Hello Sabine, great video, but i've got kinda curious about the part that you said that the "falsification is not the best way to go about it". Could you (or anyone else that feels like it) discuss more about this specific point ? What are the problems with the falsification criterion stablished by Popper ? And what are other possible alternative approaches when it comes to define an hipothesis as scientific ? Thanks, love your job !!!
Falsification was criticised mostly on philosophical grounds. Like: "criteria is idealistic, but regulating things from materialistic domain", "criteria is not rooted in inductive reasoning" and some other nonsense. (I'd love to hear from people more knowledgable on this topic though) What I find more valid is that some people say that, when put into extreme interpretation, string theory is unscientific because of this criteria. Also some applied physics for modelling and such doesn't fit it. But I'd argue that there's a difference between the scientific apparatus and scientific hypothesis. I mean you can make a valid apparatus for unscientific hypothesis.
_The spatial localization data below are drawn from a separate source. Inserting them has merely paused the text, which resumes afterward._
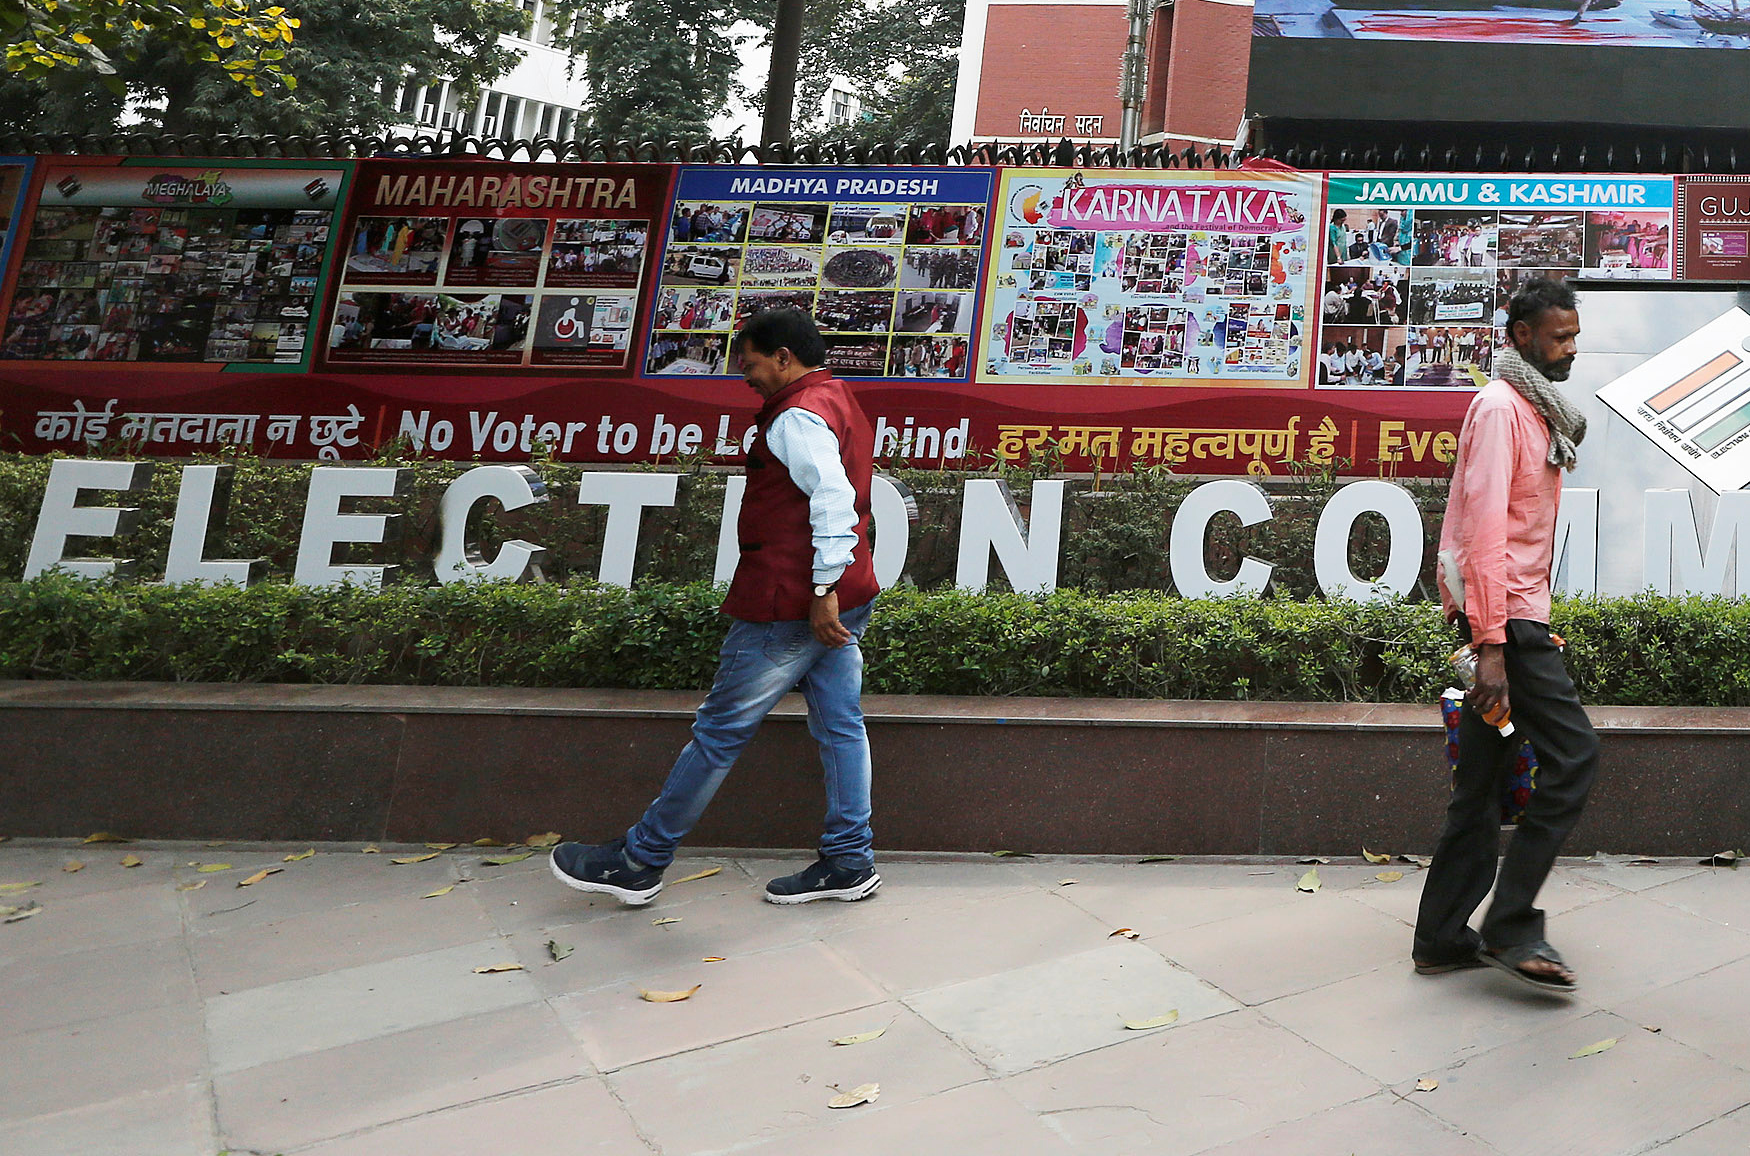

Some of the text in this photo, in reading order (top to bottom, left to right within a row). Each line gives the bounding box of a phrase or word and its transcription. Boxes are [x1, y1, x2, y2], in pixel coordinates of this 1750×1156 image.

[1019, 106, 1104, 137] निर्वाचन सदन
[148, 182, 227, 197] MEGHALAYA
[374, 175, 638, 210] MAHARASHTRA
[730, 177, 938, 196] MADHYA PRADESH
[1355, 182, 1646, 206] JAMMU & KASHMIR
[1061, 188, 1285, 224] KARNATAKA
[35, 399, 365, 460] कोई मतदाता न छूटे
[400, 409, 757, 456] No Voter to be Le
[998, 416, 1339, 475] हर मत महत्वपूर्ण है
[1378, 421, 1457, 462] Eve
[1711, 433, 1749, 459] ELECTION
For instance, what if the probability of an invisible dragon's existence is a complex number? Then can you construct valid math for complex probabilities, while the initial hypothesis is still unscientific
Falsification is a necessary property for a claim to be scientific : without a way to infirm it you may as well take it or its opposite as an axiom. However in practice it can be hard to know what you falsify when conducting an experiment : is it the way you conduct and interpret the experiment or the hypothesis you want to test ? This has troublesome consequences when it comes to dealing with competing hypothesis on the same domain of validity. You can try to modify failing hypothesis to account for the inconsistencies, but that can be quite problematic, adding parameters allows to fit pretty much anything after all, but that does not exactly look like great science, does it ? Beyond self consistency, you need stuff like parsimony or computational complexity to compare competing scientific paradigms.
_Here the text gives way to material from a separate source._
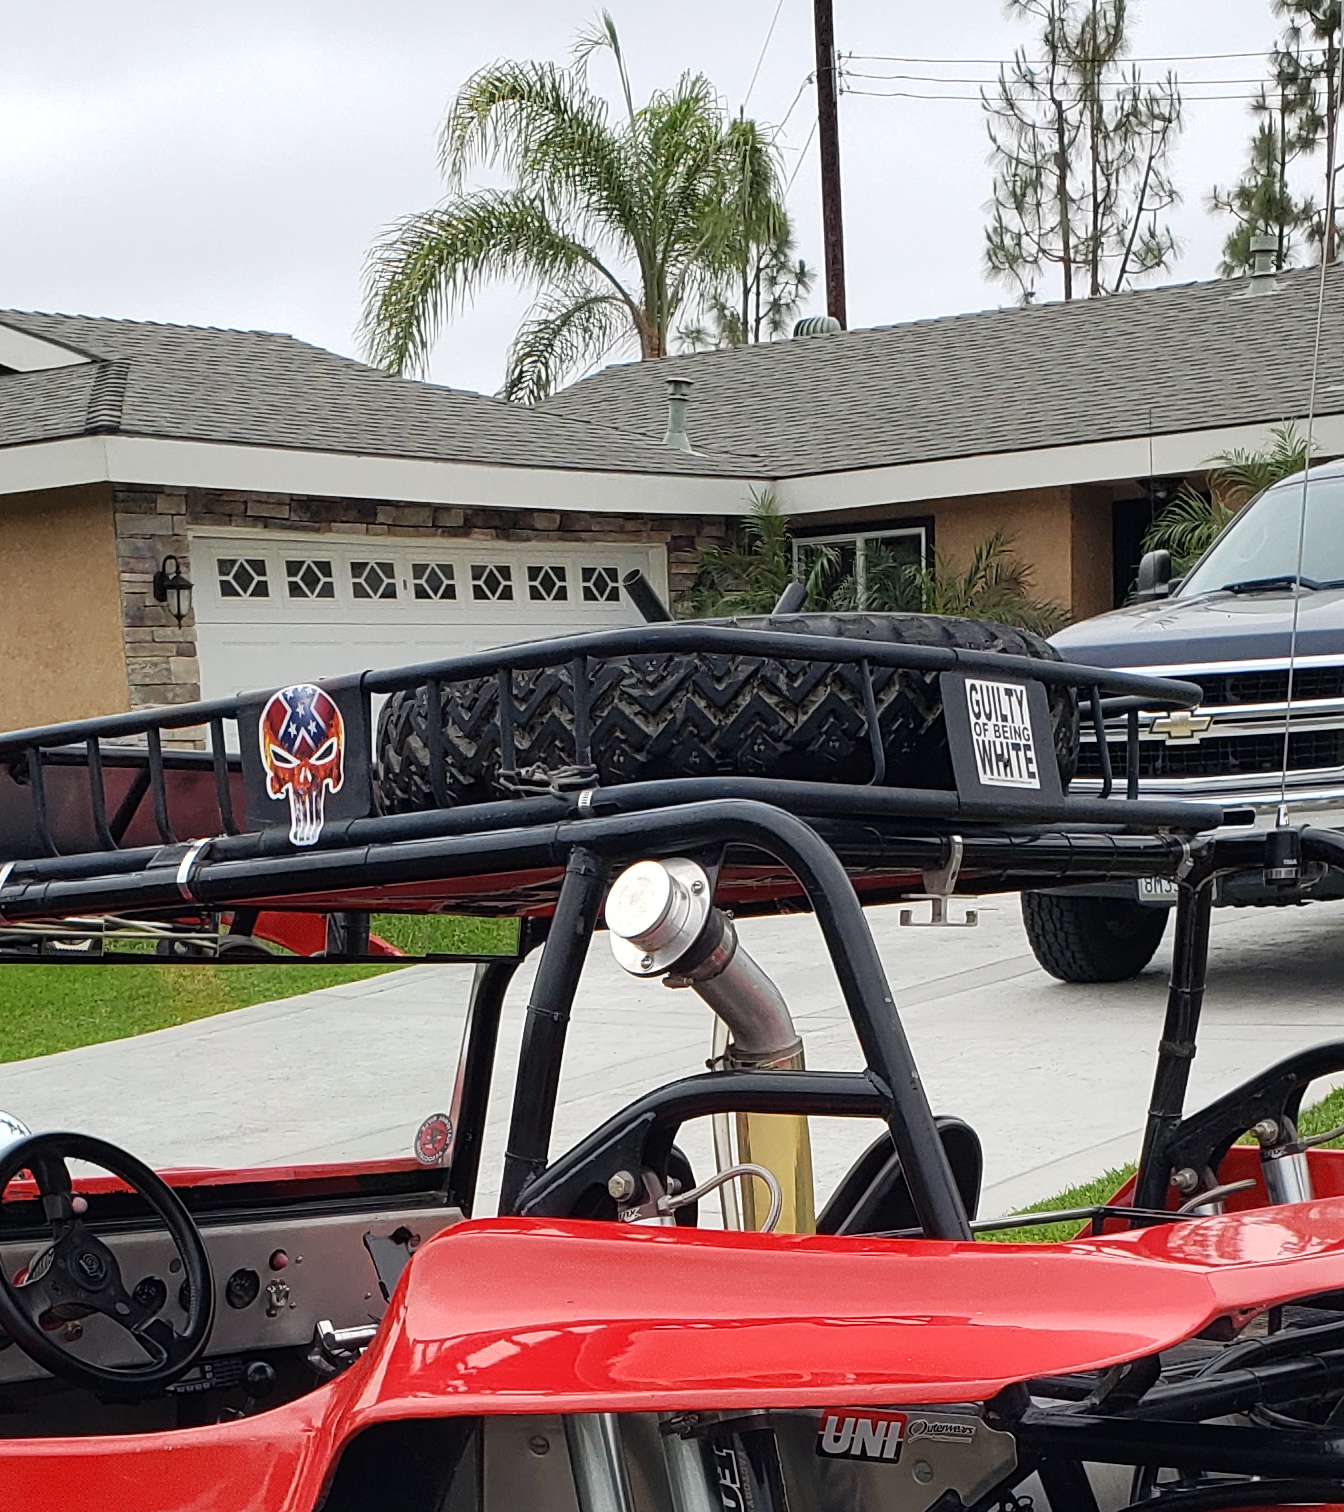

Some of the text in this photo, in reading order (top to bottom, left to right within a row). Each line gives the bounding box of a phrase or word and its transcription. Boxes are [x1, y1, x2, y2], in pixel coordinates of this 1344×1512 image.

[969, 683, 1025, 725] GUILTY
[973, 721, 1031, 742] OF BEING
[976, 738, 1037, 780] WHITE
[821, 1415, 902, 1459] UNI
@@jeanf6295 I think I understand. But I don't see how these problematic tendencies can be rooted out using any definition of the scientific method EDIT. Especially "hard to know" part. It's kind of inevitable anyway
@@evennot the way I see it, paradigms/theories/models are not so much insights into the true nature of things as they are a form of compression algorithms that try to exploit underlying hidden structures in empirical data. And as such they are not always intrinsically superior to one another, because they have several desirable properties that are subject to various trade-offs. String theory, is trying to improve the domain of validity of our best paradigms, at the cost of computational complexity, and quite a bit of parsimony. As such it is still a scientific theory : it has to be compatible with all the empirical data we have got until now, but even if it works, there is no guaranty that there isn't another way to do that at a lesser cost.
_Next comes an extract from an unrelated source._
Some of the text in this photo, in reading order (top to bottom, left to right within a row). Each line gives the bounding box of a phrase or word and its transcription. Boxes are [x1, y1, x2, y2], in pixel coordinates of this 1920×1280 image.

@@jeanf6295 I'd argue that the string theory is just a not fully formulated theory. So any criteria won't work with it. There are several mutually exclusive routes to describe quantum gravity in ST. ST is not in the unique position with that. For instance, in medical research scientific propositions first go through a "shut up and do the math" phase when people are just modelling countless proteins for the proposed task of curing something/understanding how the biological system might work. Of course, math there is different and the tests can be performed in an observable period of time, but the notion of "incomplete scientific proposition" or "undeveloped proposition in progress" is real. Falsification criteria doesn't deal with them until they are fully formed
We can’t simultaneously claim that a theory is unscientific because it is unfalsifiable, while at the same time claiming that the theory has, in fact, been falsified.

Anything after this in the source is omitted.